6. New York Department of Financial Services (NYDFS) 

The New York Department of Financial Services (NYDFS) issued updated guidance in October 2025 on managing third-party service provider (TPSP) risks. The guidance emphasizes that Senior Governing Bodies and Officers must actively engage in TPSP-related cybersecurity risk management and oversight. Required elements include robust due diligence, contractual provisions, and a focus on vulnerability management and confirmed remediation of identified deficiencies.

Third-party regulatory developments in Europe

In Europe, major directives like NIS2 and DORA are moving from legislation to enforcement, creating stringent new mandates for third-party oversight.

1. NIS2 Directive

The NIS2 Directive is a major cybersecurity directive covering 18 critical infrastructure sectors. Entities must implement technical, operational, and organizational measures, including risk management, incident response, and supply chain security. 

While EU Member States were required to incorporate the NIS2 directive into national laws by October 2024, some countries have yet to finalize transposition. Those that have transposed are still finalizing supervisory frameworks and registration systems. In January 2026, the European Commission proposed targeted amendments to the directive, which could narrow its scope and introduce elements of maximum harmonization. Proposed changes could exempt "small mid cap" organizations (those with 150M EUR revenue or less than 750 employees) from additional regulatory scrutiny.

2. DORA (Digital Operational Resilience Act) 

DORA is a major cybersecurity regulation that applies to banks, investment firms, insurance companies, crypto-asset service providers, and their critical third-party information and communications tech (ICT) service providers. It contains several key pillars for managing cyber and third party risk. 

The year 2025 was a transition year for financial entities and regulators preparing for DORA. Implementation tasks around registers of contractual arrangements with ICT service providers and major ICT incident reporting are still being completed. Findings from the Supervisory Review and Evaluation Process (SREP) consistently show that ICT risk management remains a persistent weak spot, receiving the worst average scores.

Critical Third Party ICT Providers (CTPPs): A major shift under DORA is the designation of CTPPs, which are now subject to direct oversight by European Supervisory Authorities (ESAs). These designated providers offer pivotal ICT services, including core infrastructure and data services, to financial entities across the EU. Designated organizations include major names like Amazon Web Services, Google Cloud, Microsoft Ireland Operations Limited, and SAP SE.
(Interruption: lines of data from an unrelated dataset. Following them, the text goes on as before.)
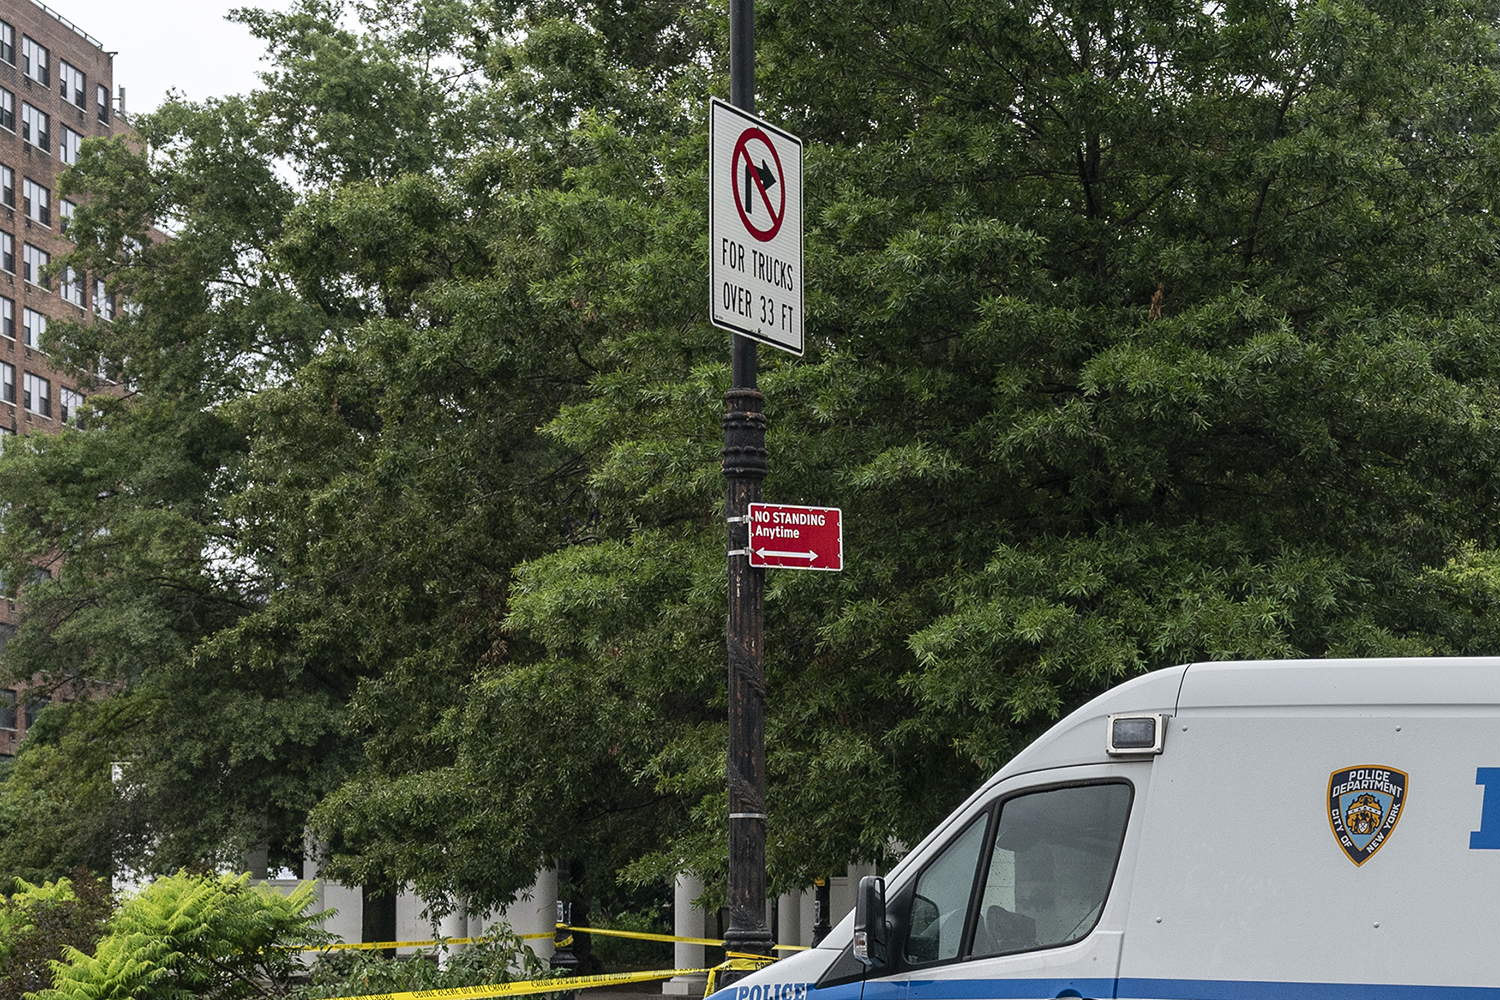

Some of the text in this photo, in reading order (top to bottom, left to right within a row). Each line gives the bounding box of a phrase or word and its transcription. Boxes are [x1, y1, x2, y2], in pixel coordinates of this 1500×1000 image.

[722, 237, 793, 292] FOR TRUCKS
[723, 281, 794, 333] OVER 33 FT
[755, 511, 826, 526] NO STANDING
[755, 525, 800, 540] Anytime
[1349, 769, 1391, 782] POLICE
[1332, 780, 1403, 798] DEPARTMENT
[1331, 803, 1401, 853] CITY OF NEW YORK
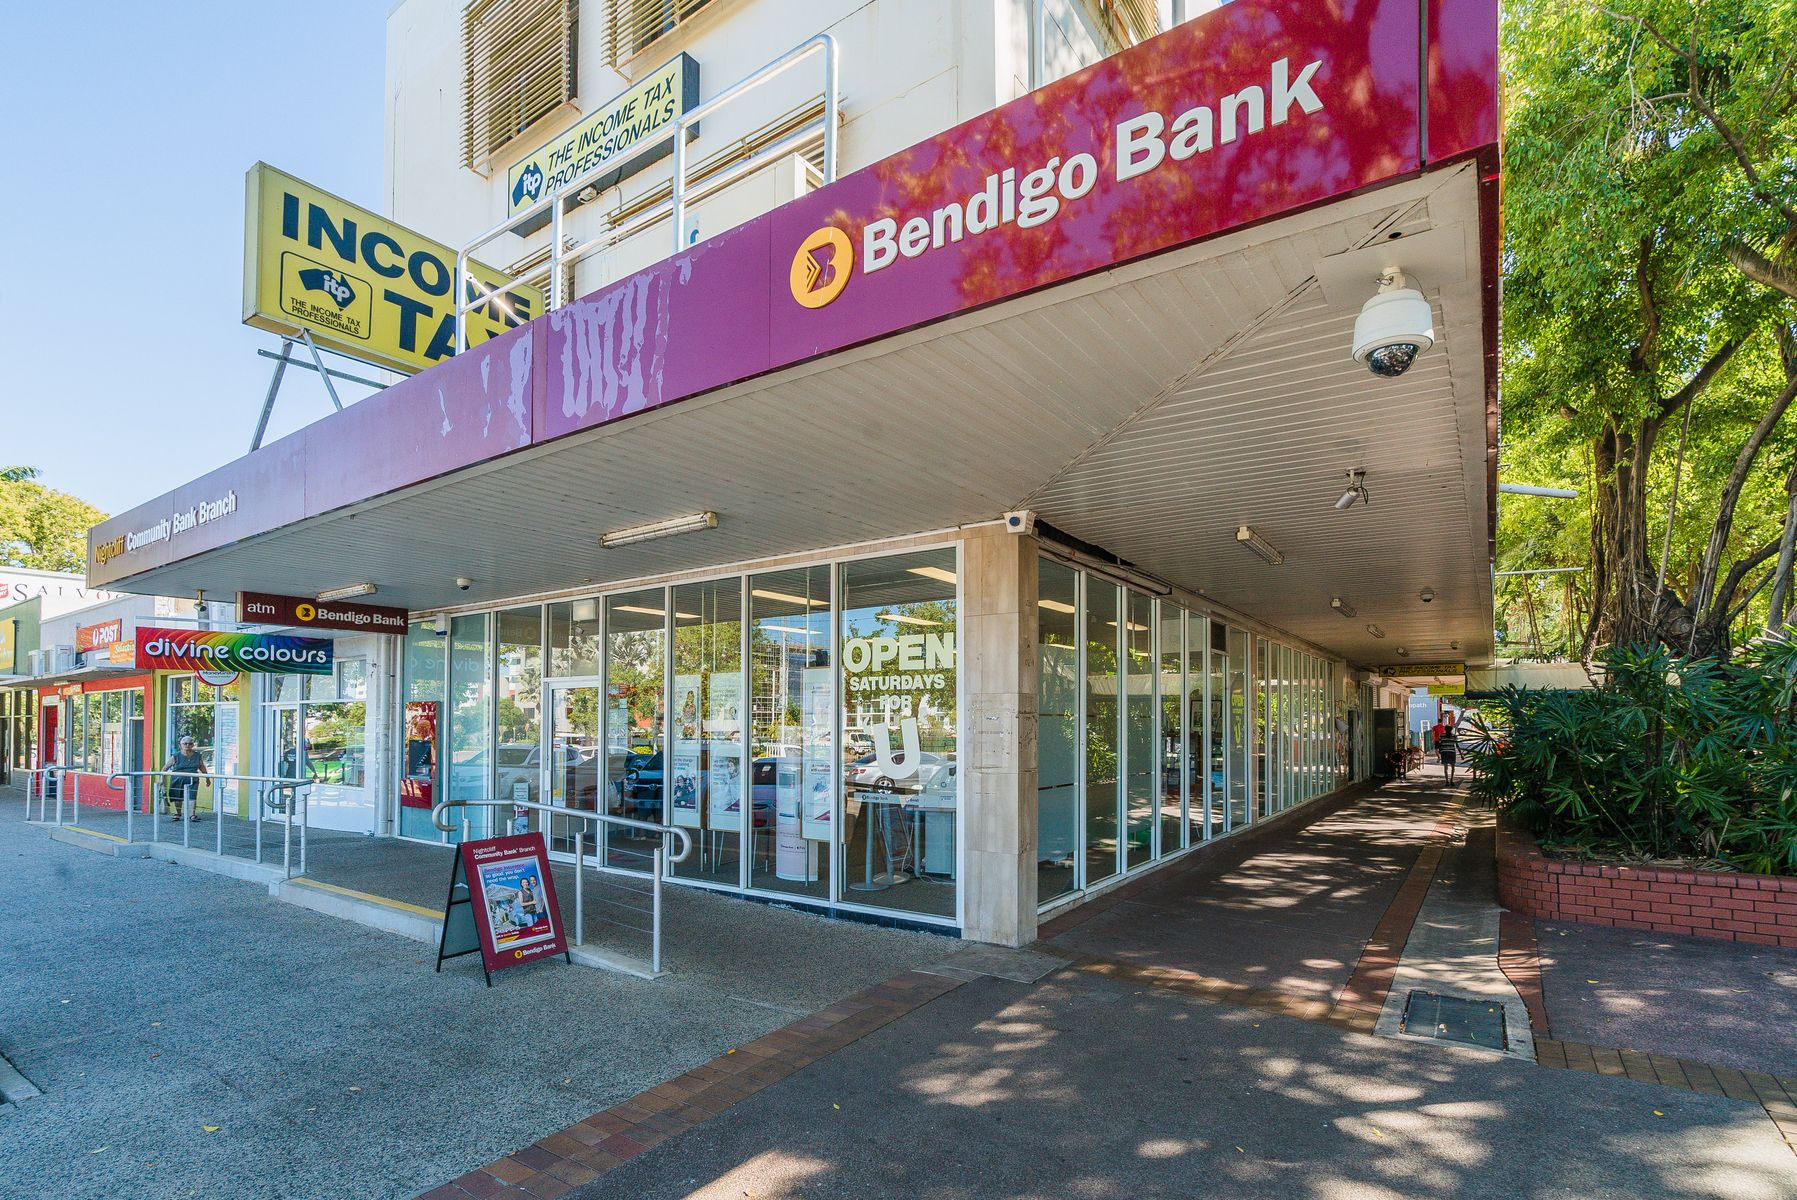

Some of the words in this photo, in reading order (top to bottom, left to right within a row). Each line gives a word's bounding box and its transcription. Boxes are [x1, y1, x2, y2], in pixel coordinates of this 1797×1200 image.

[549, 140, 576, 172] THE
[577, 97, 638, 152] INCOME
[644, 72, 676, 110] TAX
[545, 99, 675, 196] PROFESSIONALS
[863, 153, 1098, 274] Bendigo
[1116, 56, 1324, 182] Bank
[522, 173, 542, 195] itp
[282, 191, 531, 329] INCOME
[323, 274, 351, 302] itp
[290, 296, 307, 308] THE
[310, 304, 342, 322] INCOME
[346, 316, 361, 328] TAX
[291, 305, 360, 335] PROFESSIONALS
[384, 288, 499, 361] TA
[127, 518, 172, 551] Community
[173, 506, 198, 534] Bank
[199, 490, 237, 524] Branch
[247, 602, 275, 615] atm
[318, 608, 371, 626] Bendigo
[373, 613, 405, 627] Bank
[100, 624, 119, 644] POST
[145, 638, 229, 659] divine
[239, 645, 327, 664] colours
[843, 632, 954, 673] OPEN
[849, 674, 945, 691] SATURDAYS
[879, 694, 912, 711] FOR
[873, 717, 921, 779] U
[473, 846, 496, 855] Nightcliff
[474, 850, 503, 860] Community
[522, 946, 543, 956] Bendigo
[543, 943, 556, 951] Bank
ECB Supervisory Priorities (2026–2028): The European Central Bank (ECB) confirms that increasing cyber threats and dependency on common third-party service providers continue to pose major challenges to banks. Banks must consistently and swiftly implement the relevant DORA requirements, particularly those for ICT third-party risk and incident response management. The ECB will also gradually step up engagement with banks on the risks and gains associated with using new technologies, especially AI.
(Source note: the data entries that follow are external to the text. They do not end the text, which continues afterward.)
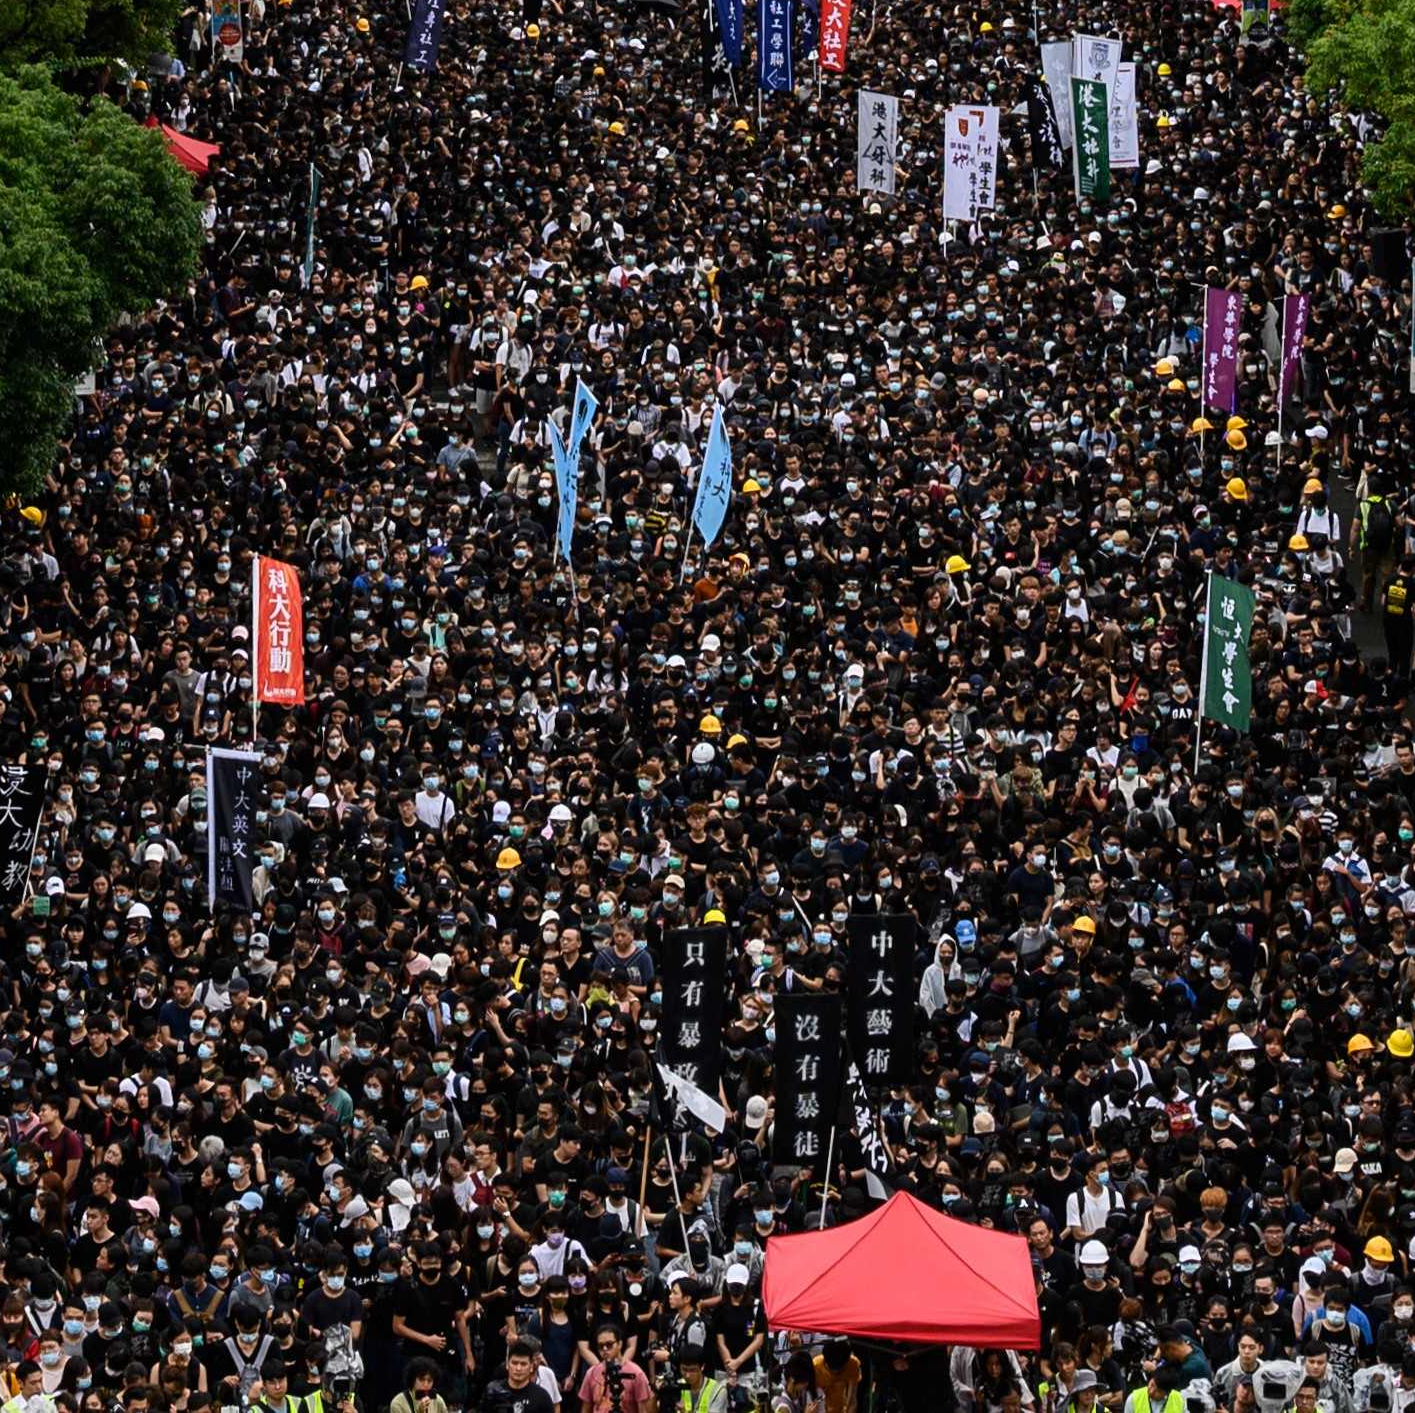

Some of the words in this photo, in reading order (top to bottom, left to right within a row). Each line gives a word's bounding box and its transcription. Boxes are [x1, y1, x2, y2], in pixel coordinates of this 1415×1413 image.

[769, 0, 785, 68] 社工學聯
[268, 568, 292, 674] 科大行動
[232, 766, 252, 858] 中大英文
[864, 930, 895, 1075] 中大藝術
[793, 1014, 821, 1158] 沒有暴徒
DORA Expectations for 2026: Financial institutions should prepare for four key regulatory shifts:

  1. Expect direct engagement with regulators.
  2. Regulators will use the Register of Information (RoI) to gain visibility into digital supply chains.
  3. Focus will shift to assessing the effectiveness of established TPRM programs.
  4. Expect on-site inspections focused on cybersecurity and third-party risk management.

Conclusion: Third party cyber risk is a key regulatory focus for 2026

The regulatory landscape is clear: sector-specific regulators are prioritizing third party and supply chain risk for oversight in 2026 and beyond. Coupled with rising supply chain threats and the emerging risks of AI, operational resilience hinges on effective TPRM.

The key focus for organizations in 2026 is to move beyond basic compliance toward true risk reduction by expanding ongoing monitoring to a broader set of third parties, achieving a greater understanding of digital exposures, and integrating threat intelligence directly into TPRM programs. The political dynamics in the US and EU will continue to impact oversight priorities, making continuous regulatory awareness a necessity.